De hecho, en su momento el juez de primera instancia rechazó el desalojo al considerar que “La Madreña se utiliza para fines sociales en beneficio de la comunidad y de modo adecuado sin causar daño o desperfecto alguno e impide que otro lo haga, tal y como sucedería de encontrarse cerrado, en desuso o abandonado”.
En contraste con esto, la nueva sentencia cataloga como “presuntos delincuentes” a los usuarios de La Madreña y de “víctima” a la empresa propietaria, en una nueva vuelta de tuerca en cuanto a la criminalización de los movimientos sociales. El edificio ocupado pertenecía a la empresa SEDES, vinculada al gobierno del Principado, que lo abandonó al trasladarse a otras dependencias, en una turbia operación de especulación urbanística.

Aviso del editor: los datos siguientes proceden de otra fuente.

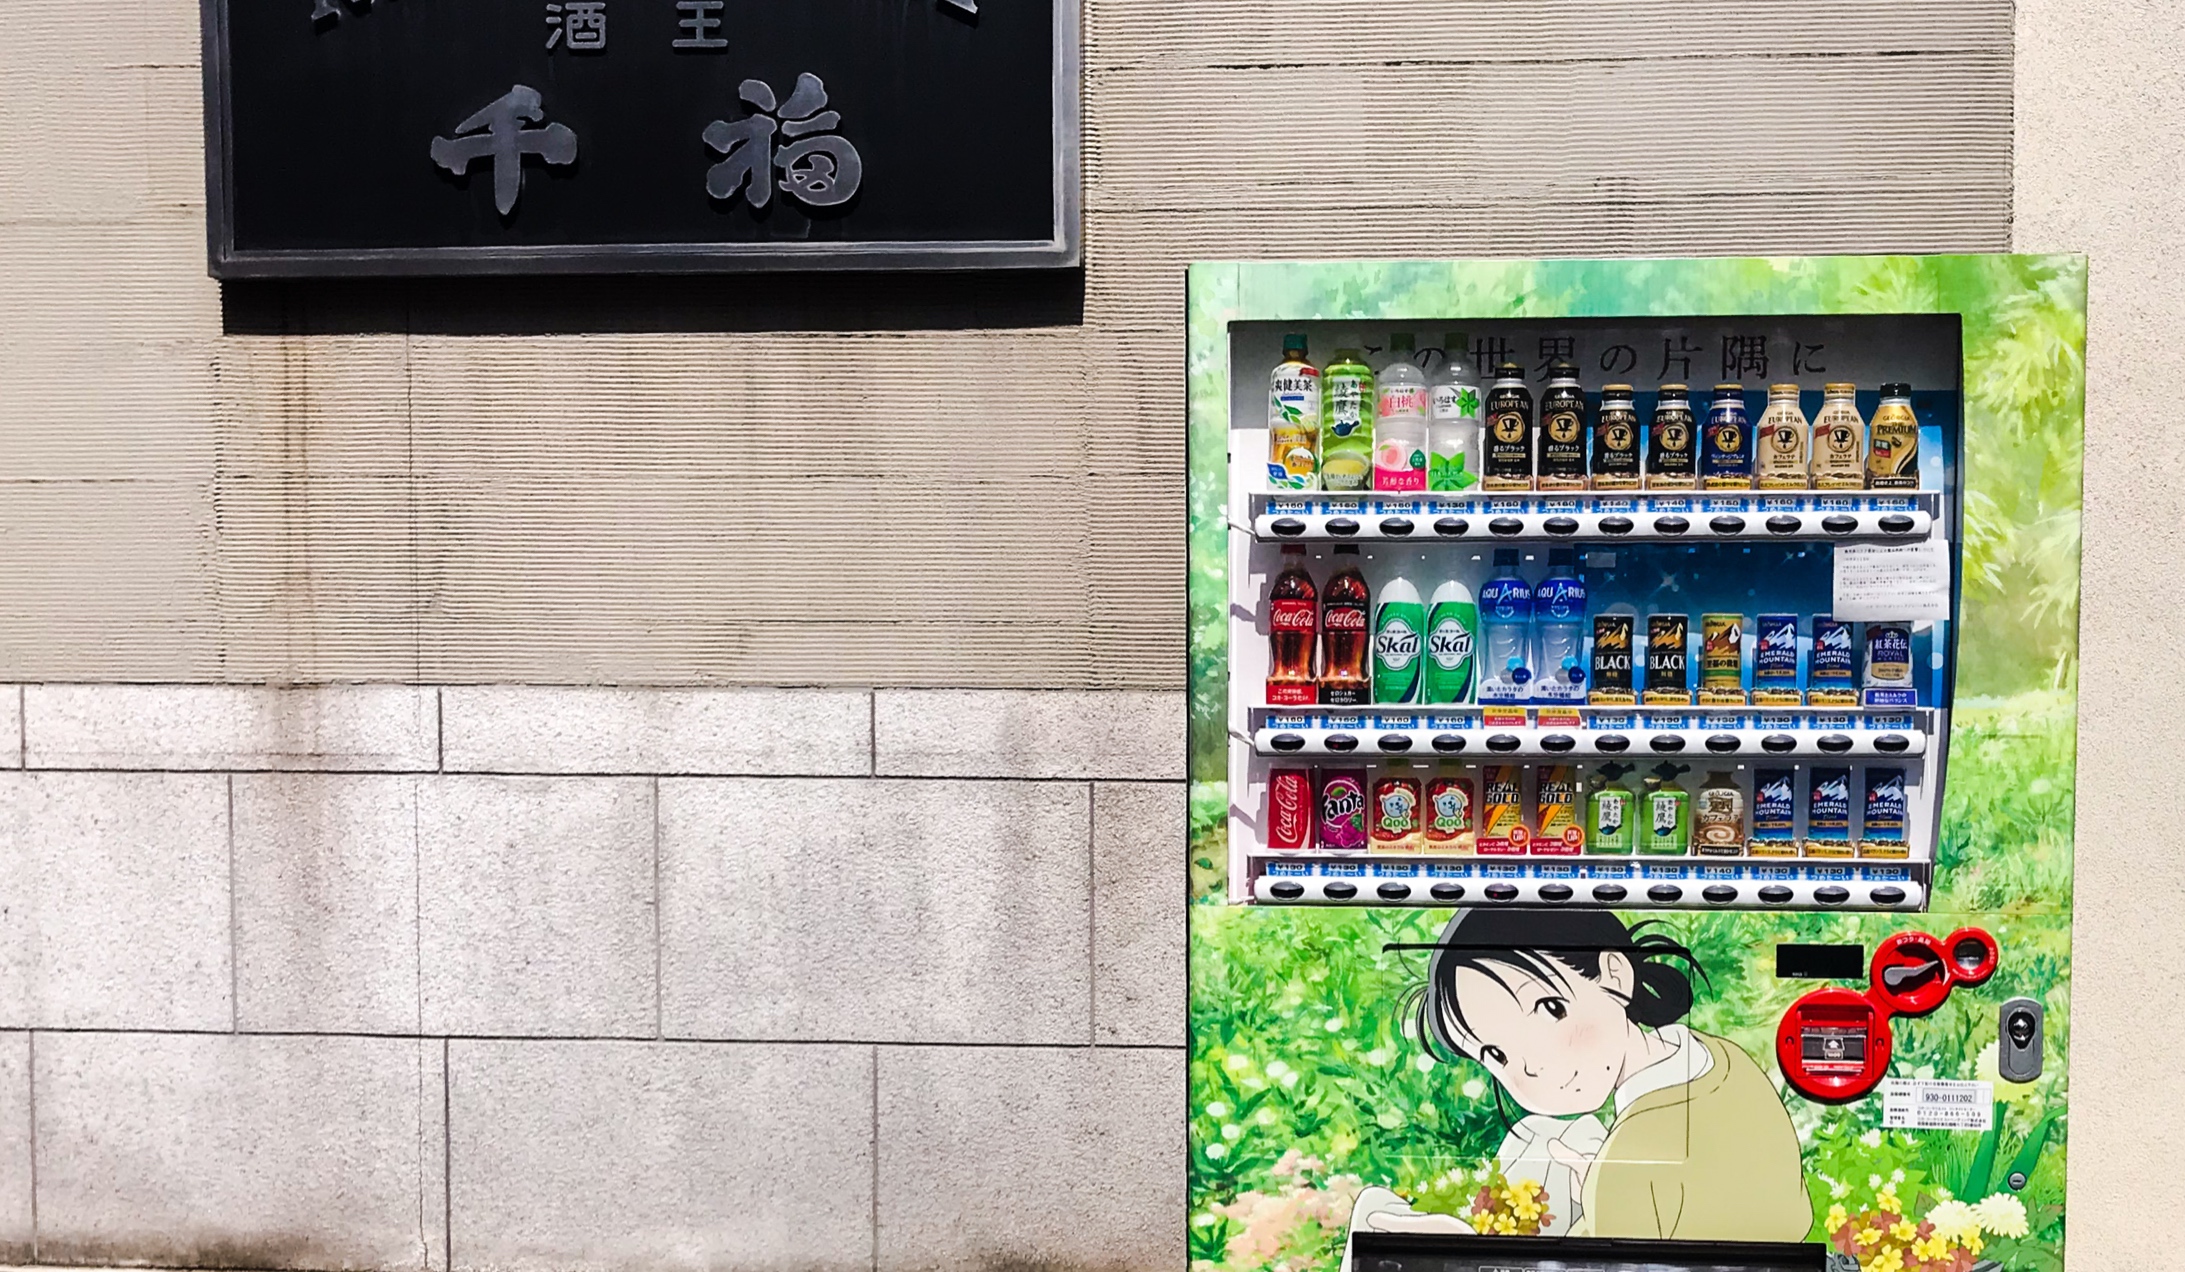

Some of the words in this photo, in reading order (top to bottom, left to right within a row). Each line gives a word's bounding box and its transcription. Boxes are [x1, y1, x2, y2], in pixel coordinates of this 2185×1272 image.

Contra la sentencia se han pronunciado muchas organizaciones y colectivos, entre ellos la Asociación de Vecinos de Pumarín, el Sindicato de Estudiantes o los ex trabajadores de la propia SEDES, sometidos recientemente a un ERE de extinción. Además, los bomberos de Oviedo, Gijón y Avilés se han solidarizado con La Madreña y han emitido un comunicado en el que se niegan a colaborar en el desalojo. De momento, la lucha contra el desalojo continúa sumando apoyos y fortaleciéndose.